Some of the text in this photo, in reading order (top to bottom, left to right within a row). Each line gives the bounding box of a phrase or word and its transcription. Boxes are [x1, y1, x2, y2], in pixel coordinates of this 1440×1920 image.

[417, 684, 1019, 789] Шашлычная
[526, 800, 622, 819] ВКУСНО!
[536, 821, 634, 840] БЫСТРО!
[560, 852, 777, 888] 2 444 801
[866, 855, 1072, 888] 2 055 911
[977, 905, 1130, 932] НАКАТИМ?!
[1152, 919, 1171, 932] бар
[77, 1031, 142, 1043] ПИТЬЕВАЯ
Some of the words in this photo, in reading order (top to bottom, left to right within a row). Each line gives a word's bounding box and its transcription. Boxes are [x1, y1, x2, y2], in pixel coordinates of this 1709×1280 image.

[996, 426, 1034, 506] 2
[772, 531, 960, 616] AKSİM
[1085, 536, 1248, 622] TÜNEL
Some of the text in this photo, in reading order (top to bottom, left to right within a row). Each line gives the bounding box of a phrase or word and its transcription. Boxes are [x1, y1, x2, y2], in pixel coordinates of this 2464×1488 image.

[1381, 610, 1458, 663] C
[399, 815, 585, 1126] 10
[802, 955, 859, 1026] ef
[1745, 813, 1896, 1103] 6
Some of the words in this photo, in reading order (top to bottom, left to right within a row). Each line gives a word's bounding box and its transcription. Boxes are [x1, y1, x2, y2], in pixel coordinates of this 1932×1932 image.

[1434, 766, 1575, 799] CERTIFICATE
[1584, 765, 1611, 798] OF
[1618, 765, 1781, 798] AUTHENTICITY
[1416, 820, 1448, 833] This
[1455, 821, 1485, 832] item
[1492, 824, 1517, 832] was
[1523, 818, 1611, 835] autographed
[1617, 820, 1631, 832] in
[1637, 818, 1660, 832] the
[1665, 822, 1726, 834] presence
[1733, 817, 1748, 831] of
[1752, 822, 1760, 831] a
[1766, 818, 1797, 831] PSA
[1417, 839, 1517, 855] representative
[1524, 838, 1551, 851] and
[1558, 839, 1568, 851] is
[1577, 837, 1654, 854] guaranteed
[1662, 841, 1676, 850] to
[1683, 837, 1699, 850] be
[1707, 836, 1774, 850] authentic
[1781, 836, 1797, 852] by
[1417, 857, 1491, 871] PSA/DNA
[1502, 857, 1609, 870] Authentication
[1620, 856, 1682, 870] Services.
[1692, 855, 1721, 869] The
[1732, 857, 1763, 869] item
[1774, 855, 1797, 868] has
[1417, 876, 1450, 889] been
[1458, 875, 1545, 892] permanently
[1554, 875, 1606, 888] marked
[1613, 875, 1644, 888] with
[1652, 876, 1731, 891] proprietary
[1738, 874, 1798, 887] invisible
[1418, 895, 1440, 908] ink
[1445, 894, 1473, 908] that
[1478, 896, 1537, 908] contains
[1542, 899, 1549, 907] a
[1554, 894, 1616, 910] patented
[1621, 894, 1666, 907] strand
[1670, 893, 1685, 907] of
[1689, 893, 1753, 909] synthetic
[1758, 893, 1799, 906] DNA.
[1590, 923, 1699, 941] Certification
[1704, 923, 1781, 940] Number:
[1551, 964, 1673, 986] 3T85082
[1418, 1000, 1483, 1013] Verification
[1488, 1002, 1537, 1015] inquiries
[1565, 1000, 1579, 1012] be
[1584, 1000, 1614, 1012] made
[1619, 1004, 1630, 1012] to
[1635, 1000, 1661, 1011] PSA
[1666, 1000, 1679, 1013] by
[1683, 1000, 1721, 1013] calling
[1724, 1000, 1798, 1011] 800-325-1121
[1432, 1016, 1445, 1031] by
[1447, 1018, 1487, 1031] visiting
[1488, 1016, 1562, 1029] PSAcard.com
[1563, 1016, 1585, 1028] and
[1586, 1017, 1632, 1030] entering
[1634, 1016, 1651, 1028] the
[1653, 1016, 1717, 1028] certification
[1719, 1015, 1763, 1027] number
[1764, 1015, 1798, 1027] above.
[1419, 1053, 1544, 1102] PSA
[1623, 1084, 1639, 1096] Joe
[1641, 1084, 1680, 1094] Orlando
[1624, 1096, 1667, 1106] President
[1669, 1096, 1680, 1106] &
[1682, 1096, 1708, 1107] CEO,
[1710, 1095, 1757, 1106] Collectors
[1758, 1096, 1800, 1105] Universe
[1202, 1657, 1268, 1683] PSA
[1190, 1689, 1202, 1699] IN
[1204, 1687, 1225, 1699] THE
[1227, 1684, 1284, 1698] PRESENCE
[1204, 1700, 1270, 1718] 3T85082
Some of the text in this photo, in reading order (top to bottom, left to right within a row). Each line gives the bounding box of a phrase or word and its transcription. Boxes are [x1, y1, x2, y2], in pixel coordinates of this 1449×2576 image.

• **About this exercise**:
Transcribe the listing above verbatim, leaving every line whole.

• **Task solution**:
Some of the text in this photo, in reading order (top to bottom, left to right within a row). Each line gives the bounding box of a phrase or word and its transcription. Boxes are [x1, y1, x2, y2], in pixel coordinates of this 1440×1920 image.

[417, 684, 1019, 789] Шашлычная
[526, 800, 622, 819] ВКУСНО!
[536, 821, 634, 840] БЫСТРО!
[560, 852, 777, 888] 2 444 801
[866, 855, 1072, 888] 2 055 911
[977, 905, 1130, 932] НАКАТИМ?!
[1152, 919, 1171, 932] бар
[77, 1031, 142, 1043] ПИТЬЕВАЯ
Some of the words in this photo, in reading order (top to bottom, left to right within a row). Each line gives a word's bounding box and its transcription. Boxes are [x1, y1, x2, y2], in pixel coordinates of this 1709×1280 image.

[996, 426, 1034, 506] 2
[772, 531, 960, 616] AKSİM
[1085, 536, 1248, 622] TÜNEL
Some of the text in this photo, in reading order (top to bottom, left to right within a row). Each line gives the bounding box of a phrase or word and its transcription. Boxes are [x1, y1, x2, y2], in pixel coordinates of this 2464×1488 image.

[1381, 610, 1458, 663] C
[399, 815, 585, 1126] 10
[802, 955, 859, 1026] ef
[1745, 813, 1896, 1103] 6
Some of the words in this photo, in reading order (top to bottom, left to right within a row). Each line gives a word's bounding box and its transcription. Boxes are [x1, y1, x2, y2], in pixel coordinates of this 1932×1932 image.

[1434, 766, 1575, 799] CERTIFICATE
[1584, 765, 1611, 798] OF
[1618, 765, 1781, 798] AUTHENTICITY
[1416, 820, 1448, 833] This
[1455, 821, 1485, 832] item
[1492, 824, 1517, 832] was
[1523, 818, 1611, 835] autographed
[1617, 820, 1631, 832] in
[1637, 818, 1660, 832] the
[1665, 822, 1726, 834] presence
[1733, 817, 1748, 831] of
[1752, 822, 1760, 831] a
[1766, 818, 1797, 831] PSA
[1417, 839, 1517, 855] representative
[1524, 838, 1551, 851] and
[1558, 839, 1568, 851] is
[1577, 837, 1654, 854] guaranteed
[1662, 841, 1676, 850] to
[1683, 837, 1699, 850] be
[1707, 836, 1774, 850] authentic
[1781, 836, 1797, 852] by
[1417, 857, 1491, 871] PSA/DNA
[1502, 857, 1609, 870] Authentication
[1620, 856, 1682, 870] Services.
[1692, 855, 1721, 869] The
[1732, 857, 1763, 869] item
[1774, 855, 1797, 868] has
[1417, 876, 1450, 889] been
[1458, 875, 1545, 892] permanently
[1554, 875, 1606, 888] marked
[1613, 875, 1644, 888] with
[1652, 876, 1731, 891] proprietary
[1738, 874, 1798, 887] invisible
[1418, 895, 1440, 908] ink
[1445, 894, 1473, 908] that
[1478, 896, 1537, 908] contains
[1542, 899, 1549, 907] a
[1554, 894, 1616, 910] patented
[1621, 894, 1666, 907] strand
[1670, 893, 1685, 907] of
[1689, 893, 1753, 909] synthetic
[1758, 893, 1799, 906] DNA.
[1590, 923, 1699, 941] Certification
[1704, 923, 1781, 940] Number:
[1551, 964, 1673, 986] 3T85082
[1418, 1000, 1483, 1013] Verification
[1488, 1002, 1537, 1015] inquiries
[1565, 1000, 1579, 1012] be
[1584, 1000, 1614, 1012] made
[1619, 1004, 1630, 1012] to
[1635, 1000, 1661, 1011] PSA
[1666, 1000, 1679, 1013] by
[1683, 1000, 1721, 1013] calling
[1724, 1000, 1798, 1011] 800-325-1121
[1432, 1016, 1445, 1031] by
[1447, 1018, 1487, 1031] visiting
[1488, 1016, 1562, 1029] PSAcard.com
[1563, 1016, 1585, 1028] and
[1586, 1017, 1632, 1030] entering
[1634, 1016, 1651, 1028] the
[1653, 1016, 1717, 1028] certification
[1719, 1015, 1763, 1027] number
[1764, 1015, 1798, 1027] above.
[1419, 1053, 1544, 1102] PSA
[1623, 1084, 1639, 1096] Joe
[1641, 1084, 1680, 1094] Orlando
[1624, 1096, 1667, 1106] President
[1669, 1096, 1680, 1106] &
[1682, 1096, 1708, 1107] CEO,
[1710, 1095, 1757, 1106] Collectors
[1758, 1096, 1800, 1105] Universe
[1202, 1657, 1268, 1683] PSA
[1190, 1689, 1202, 1699] IN
[1204, 1687, 1225, 1699] THE
[1227, 1684, 1284, 1698] PRESENCE
[1204, 1700, 1270, 1718] 3T85082
Some of the text in this photo, in reading order (top to bottom, left to right within a row). Each line gives the bounding box of a phrase or word and its transcription. Boxes are [x1, y1, x2, y2], in pixel coordinates of this 1449×2576 image.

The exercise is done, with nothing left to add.